My husband and I and our 1-year old daughter visited Copenhagen for two weeks while he worked from his company’s office. We tried to imagine ourselves living here in this happiest of cities. We studied the faces of residents, peered through windows of coffee shops and bakeries, borrowed bikes and joined the masses in bike lanes, rushed outside when the sun was shining and stayed outside, layered in blankets and jackets, when the fog and rain rolled back in. We sized up their biking habits and wondered if Houston, an equally flat city, could embrace some of this culture.

After two weeks of poking and prodding, scoping and scrutinizing, I came up with an unscientific analysis of three steps toward embracing biking in our city.

Safe access to everywhere

 Kate Cairoli. Bike infrastructure in Copenhagen. Photo: Kate Cairoli.

 

There has been a massive investment in biking infrastructure in Copenhagen. This infrastructure includes protected bike lanes with a curb, similar to a sidewalk. It includes painted bike lanes that cross every intersection. It includes miniature traffic lights, timed separately from car and pedestrian crossings, just for bikes. All this infrastructure makes it safe enough that most people don’t wear helmets when they bike.

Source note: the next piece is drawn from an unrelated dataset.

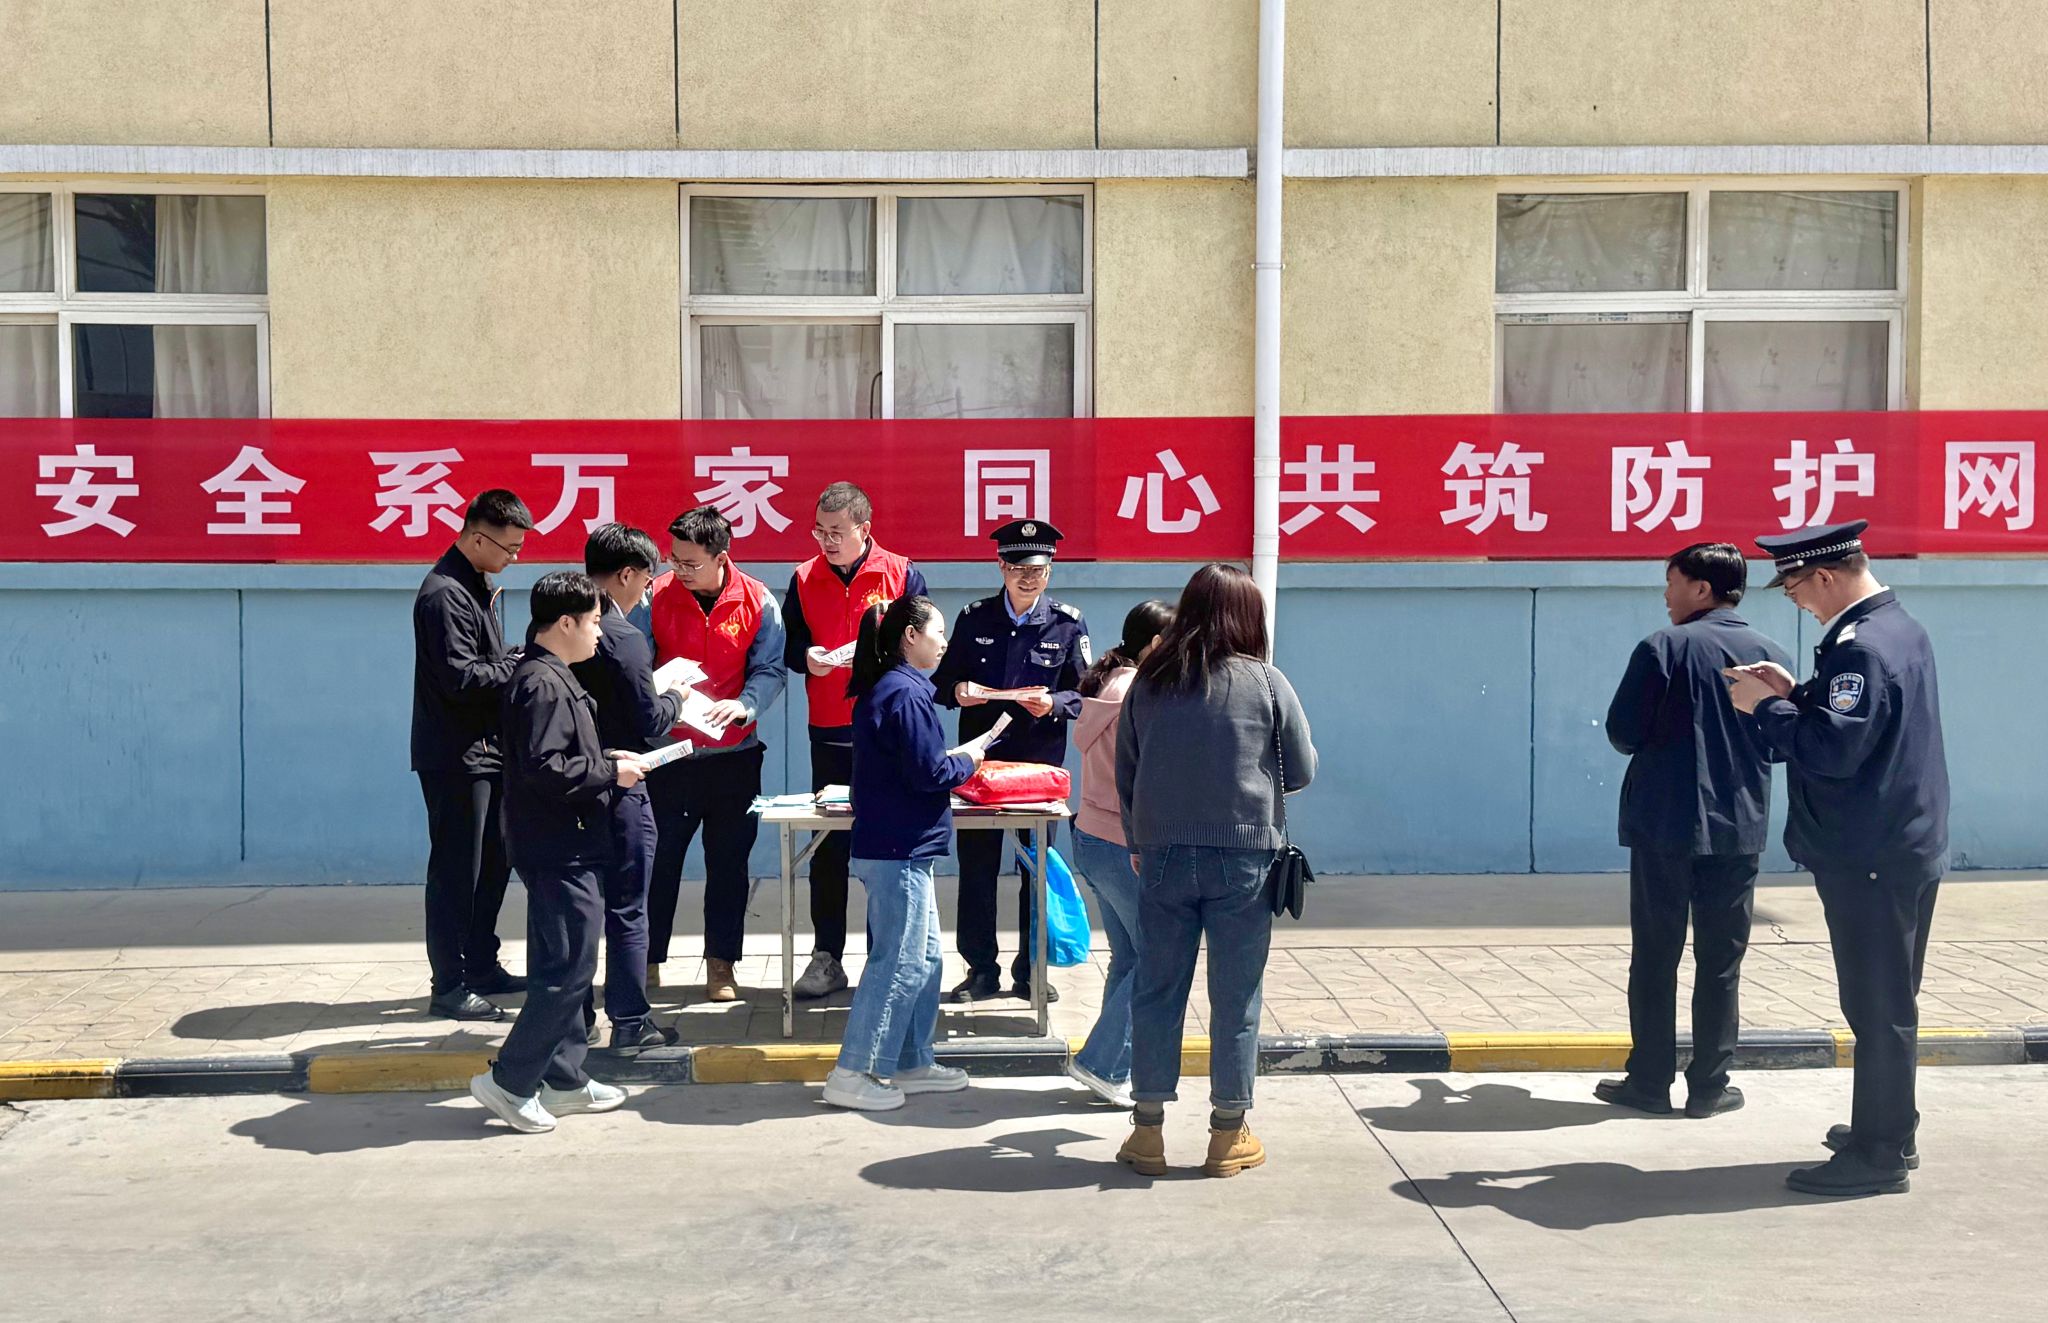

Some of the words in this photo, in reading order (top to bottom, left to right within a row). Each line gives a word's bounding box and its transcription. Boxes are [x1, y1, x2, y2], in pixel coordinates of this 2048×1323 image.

Plus, the bike lanes are ubiquitous. You can get anywhere you want to go by bike. Copenhagen is compact, 34 square miles to Houston’s 627, and it has almost 250 miles of bike lanes. By comparison, Houston’s Bayou Greenways will introduce 150 miles of hike and bike trails when complete. If Houston wants to become a biking city, we need to invest in a lot more infrastructure. Houston has developed some token infrastructure that can serve as examples to learn from and replicate, including the Lamar Cycle Track and the hike-and-bike trails along the bayous. Both of these examples are dedicated bike lanes that are protected from cars. But contrast the 0.75 miles of cycle track in Houston with the 250 miles of protected lanes in Copenhagen, and you begin to see a significant opportunity for improvement. We need to design the city so that people can get where they need to go by bike safely.

Incentives not to drive

As with any compact and populous city (Copenhagen is 18 times smaller than Houston, but it has more than a quarter of the population), parking is hard to come by. One morning, we spent 45 minutes circling the city trying to find a spot before settling for a garage a 20-minute walk from where we wanted to be. Parking a bike is possible on every block. Also, buying a car in Denmark is very expensive, because the government imposes taxes, so there are financial incentives to use other methods of transportation. In Houston, parking is easy to come by and often free. Traffic does not appear to be an incentive to seek alternative forms of transportation, especially with the regional policy of continually expanding roads and freeways. The lesson is clear: the harder and more expensive you make it to use cars, the more likely people are to seek other forms of transportation.

 Kate Cairoli. Dedicated biking lane. Photo: Kate Cairoli.

 

Embrace the outdoors

The populace in Denmark, aside from having extremely good aesthetic taste (I am convinced design is taught starting in kindergarten), has an enlightened conscientiousness about the environment. Part of the appeal of biking is its low carbon footprint. It also provides exercise, and is fun – think of the joy, the freedom, the exhilaration we all felt when we learned to ride a bike. One evening we headed down to a park near the water for a picnic and observed no less than eight sports — swimming, rowing, paddle boarding, kayaking, sailing, running, biking. Another evening we headed to a large park for a relay race that drew 20,000 runners each night for a week. The whole city feels like it is in motion.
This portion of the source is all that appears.